The main operations on the dictionary can be divided into 3 groups:
- completely unlockable;
- blocking one item from the lock pool;
- lock the entire dictionary;
The fully non-blocking operations include:- ContainsKey
- TryGet
- this []
- GetEnumerator - operation does not ensure data integrity (does not use snapshots), i.e. data during the operation of the function may change.
All read operations (Get / ContainsKey) have approximately the same operation algorithm:
- calculation of a key hash with GetHashCode ()

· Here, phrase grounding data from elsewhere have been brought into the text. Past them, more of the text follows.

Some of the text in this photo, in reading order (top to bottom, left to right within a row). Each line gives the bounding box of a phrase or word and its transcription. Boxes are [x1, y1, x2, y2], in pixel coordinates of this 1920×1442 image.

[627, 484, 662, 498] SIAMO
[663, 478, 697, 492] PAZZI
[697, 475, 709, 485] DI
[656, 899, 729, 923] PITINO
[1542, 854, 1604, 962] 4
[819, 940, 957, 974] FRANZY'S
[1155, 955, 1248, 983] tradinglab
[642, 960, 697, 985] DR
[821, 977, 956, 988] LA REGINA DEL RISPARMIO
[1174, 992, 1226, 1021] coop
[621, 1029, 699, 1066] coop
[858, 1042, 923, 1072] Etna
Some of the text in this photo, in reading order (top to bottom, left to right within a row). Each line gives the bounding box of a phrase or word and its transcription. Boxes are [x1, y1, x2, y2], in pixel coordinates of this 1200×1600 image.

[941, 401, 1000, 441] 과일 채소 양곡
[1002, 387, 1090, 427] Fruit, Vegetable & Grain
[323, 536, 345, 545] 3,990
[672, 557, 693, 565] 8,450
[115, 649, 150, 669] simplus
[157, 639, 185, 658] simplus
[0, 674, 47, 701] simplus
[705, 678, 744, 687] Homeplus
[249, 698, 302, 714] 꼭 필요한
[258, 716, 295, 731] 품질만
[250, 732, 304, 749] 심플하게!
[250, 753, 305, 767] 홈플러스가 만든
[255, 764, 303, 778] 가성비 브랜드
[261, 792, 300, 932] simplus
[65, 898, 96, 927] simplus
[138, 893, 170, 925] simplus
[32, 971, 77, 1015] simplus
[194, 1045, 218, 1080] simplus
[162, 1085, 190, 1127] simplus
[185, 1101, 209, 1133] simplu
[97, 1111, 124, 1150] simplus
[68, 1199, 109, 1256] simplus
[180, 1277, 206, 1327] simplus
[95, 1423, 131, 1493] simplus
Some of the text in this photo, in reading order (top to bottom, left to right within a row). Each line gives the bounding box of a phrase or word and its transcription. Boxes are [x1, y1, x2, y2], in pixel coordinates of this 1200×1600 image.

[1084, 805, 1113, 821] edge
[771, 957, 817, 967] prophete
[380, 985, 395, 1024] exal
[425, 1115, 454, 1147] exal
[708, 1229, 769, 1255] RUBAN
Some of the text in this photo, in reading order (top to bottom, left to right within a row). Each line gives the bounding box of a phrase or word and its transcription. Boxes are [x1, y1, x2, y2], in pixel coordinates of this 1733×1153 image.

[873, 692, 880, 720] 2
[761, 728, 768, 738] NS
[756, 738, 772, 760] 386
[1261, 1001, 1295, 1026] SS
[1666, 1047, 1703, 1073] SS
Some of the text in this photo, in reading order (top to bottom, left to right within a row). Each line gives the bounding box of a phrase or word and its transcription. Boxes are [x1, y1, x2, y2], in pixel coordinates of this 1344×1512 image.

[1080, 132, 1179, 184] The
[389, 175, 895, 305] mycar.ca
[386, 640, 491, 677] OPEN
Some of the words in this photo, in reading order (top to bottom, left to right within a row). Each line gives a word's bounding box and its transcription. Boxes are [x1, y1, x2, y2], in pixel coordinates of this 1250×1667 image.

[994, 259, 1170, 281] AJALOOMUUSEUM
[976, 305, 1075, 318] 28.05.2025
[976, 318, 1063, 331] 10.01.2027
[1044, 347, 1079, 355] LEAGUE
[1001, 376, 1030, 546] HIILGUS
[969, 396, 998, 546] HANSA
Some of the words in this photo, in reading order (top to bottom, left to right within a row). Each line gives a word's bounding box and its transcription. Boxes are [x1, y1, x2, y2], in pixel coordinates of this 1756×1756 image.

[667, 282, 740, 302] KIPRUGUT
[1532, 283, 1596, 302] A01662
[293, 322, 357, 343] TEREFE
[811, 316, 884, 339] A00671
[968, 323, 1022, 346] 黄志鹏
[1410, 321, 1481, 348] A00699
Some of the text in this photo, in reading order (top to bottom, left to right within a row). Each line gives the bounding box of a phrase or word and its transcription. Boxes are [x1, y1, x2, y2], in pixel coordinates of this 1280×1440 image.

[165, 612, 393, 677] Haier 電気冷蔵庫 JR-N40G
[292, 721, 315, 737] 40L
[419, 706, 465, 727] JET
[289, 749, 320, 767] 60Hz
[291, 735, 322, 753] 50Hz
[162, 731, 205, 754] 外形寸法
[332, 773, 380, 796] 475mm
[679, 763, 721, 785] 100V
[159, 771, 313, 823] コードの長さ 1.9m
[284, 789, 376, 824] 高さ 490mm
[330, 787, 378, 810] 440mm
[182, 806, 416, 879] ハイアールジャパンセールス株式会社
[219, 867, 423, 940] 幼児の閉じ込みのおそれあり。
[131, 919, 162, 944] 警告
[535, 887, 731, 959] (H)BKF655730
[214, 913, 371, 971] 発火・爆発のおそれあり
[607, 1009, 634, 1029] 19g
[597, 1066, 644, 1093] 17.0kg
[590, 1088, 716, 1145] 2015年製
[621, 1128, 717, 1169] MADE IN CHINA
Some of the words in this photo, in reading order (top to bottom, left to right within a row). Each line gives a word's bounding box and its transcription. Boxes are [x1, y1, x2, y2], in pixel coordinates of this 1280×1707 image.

- calculation of the bucket in which our element lies
- comparing the value of the key in the bucket with the one we have
- reading the value using Volatile.Read
The operations with blocking of one element from the pool of locks include:Below is an approximate algorithm of work:
- Calculate the hash key of the new item
- Calculate the bucketNo bucket to which the item will be added, and the block numbers from the pool
bucketNo = (hashcode & int.MaxValue) % bucketCount; lockNo = bucketNo % lockCount;
- Lock bucketNo via Monitor.Enter
- Write an element using Volatile.Write
- Release Lock Monitor.Exit
The most inefficient operations that block the entire dictionary include:- Count, IsEmpty. Yes, these operations require complete dictionary locking. If you need to save the number of elements in the log file, you can use GetEnumerator and LINQ.
- Keys, Values ​​- getting a list of keys and a list of values, respectively. By the way, here you get complete data - snapshots.
- CopyTo - explicit ICollection
- Clear, ToArray
Methods AddOrUpdate, GetOrAdd
These methods are quite interesting in that they use atomic Add / Get / Update operations, but they themselves are not atomic, they do not use a lock on the entire operation. Here is the implementation of AddOrUpdate:
do { while (!TryGetValue(key, out comparisonValue)) { TValue obj = addValueFactory(key); TValue resultingValue; if (TryAddInternal(key, obj, false, true, out resultingValue)) return resultingValue; } newValue = updateValueFactory(key, comparisonValue); } while (!TryUpdate(key, newValue, comparisonValue)); return newValue;
MSDN:
Also, though not all methods are thread-safe, not all methods are specifically GetOrAdd and AddOrUpdate. The user has a lock. (This is done to prevent all threads from blocking all threads.)
Usage example:
items.AddOrUpdate(srcKey, srcValue, (key, existingVal) => { // if (srcValue != existingVal) throw new ArgumentException("...");
In the end, I want to note the complexity of the methods:
- TryAdd, TryUpdate, TryRemove, - O (1)
- Get / Contains, Item [] by key - O (1)
- ContainsValue, ToArray (), Keys, Values ​​- O (n)
Ps In this article I wanted to draw attention to the subtleties of using ConcurrentDictionary and the main points in its implementation.